Well, sometimes, I find after analyzing my games that the best move could never occur to me because well we are all humans. So its just better to find a good move instead of the best, so that the game becomes interesting and not one-sided. Playing better chess doesn't always mean to find the absolute best moves. A decade ago we thought stockfish was king but now look at Alphazero crushing every single engine. Its all about how deep one analyzes the game! But at that point it becomes boring tbh!

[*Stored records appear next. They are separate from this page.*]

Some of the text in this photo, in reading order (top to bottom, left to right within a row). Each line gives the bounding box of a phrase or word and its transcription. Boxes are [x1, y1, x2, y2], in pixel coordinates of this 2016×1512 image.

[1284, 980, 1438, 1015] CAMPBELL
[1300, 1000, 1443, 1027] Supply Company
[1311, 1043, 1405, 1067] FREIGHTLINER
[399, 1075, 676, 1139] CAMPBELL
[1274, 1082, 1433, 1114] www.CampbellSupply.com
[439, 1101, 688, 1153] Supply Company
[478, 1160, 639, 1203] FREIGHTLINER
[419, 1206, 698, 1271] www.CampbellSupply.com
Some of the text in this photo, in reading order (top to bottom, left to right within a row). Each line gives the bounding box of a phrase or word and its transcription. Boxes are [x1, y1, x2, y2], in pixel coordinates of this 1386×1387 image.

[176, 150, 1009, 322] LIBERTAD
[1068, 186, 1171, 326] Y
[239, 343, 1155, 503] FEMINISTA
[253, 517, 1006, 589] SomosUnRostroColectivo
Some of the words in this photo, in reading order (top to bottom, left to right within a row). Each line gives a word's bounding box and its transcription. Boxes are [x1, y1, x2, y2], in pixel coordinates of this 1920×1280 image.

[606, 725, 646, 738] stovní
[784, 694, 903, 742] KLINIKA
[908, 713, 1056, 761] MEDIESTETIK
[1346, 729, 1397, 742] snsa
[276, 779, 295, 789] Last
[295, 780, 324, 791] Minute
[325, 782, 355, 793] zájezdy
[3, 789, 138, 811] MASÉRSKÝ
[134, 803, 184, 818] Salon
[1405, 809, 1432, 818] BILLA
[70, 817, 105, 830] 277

Criter engine thats a holy engine I think it is so!! It plays simple one move ahead and shows the danger face ""crye derrin"" or the stockfish market

Well, sometimes, I find after analyzing my games that the best move could never occur to me because well we are all humans. So its just better to find a good move instead of the best...
No. This is limiting yourself.
You are missing learning opportunities. If something is evaluated as better than your move, then try to understand this; that is a point of potential learning. I'm not saying to blindly agree with computers, but they are correct a lot of the time and it doesn't matter much if you are using a 3500 Stockfish version or a 3800 AlphaZero (or whatever other bots and ratings which are crazy high) because all of them are way higher rated than we humans and we can learn something from the way they play.
If you still can't figure out why some move is better (even after lots of analysis and trying to figure it out), then I recommend creating a quality chess.com forum thread and hopefully this will lead you to a human explanation from someone who can figure it out

Well, sometimes, I find after analyzing my games that the best move could never occur to me because well we are all humans. So its just better to find a good move instead of the best...
No. This is limiting yourself.
You are missing learning opportunities. If something is evaluated as better than your move, then try to understand this; that is a point of potential learning. I'm not saying to blindly agree with computers, but they are correct a lot of the time and it doesn't matter much if you are using a 3500 Stockfish version or a 3800 AlphaZero (or whatever other bots and ratings which are crazy high) because all of them are way higher rated than we humans and we can learn something from the way they play.
If you still can't figure out why some move is better (even after lots of analysis and trying to figure it out), then I recommend creating a quality chess.com forum thread and hopefully this will lead you to a human explanation from someone who can figure it out
well you're correct in some sense.. but I would still prefer to play like a human would ... you know intuition is much more exciting than just playing the best move!
In chess, I have played so many weird positions, but seriously believe that the best games are the ones with simple moves, not the best moves.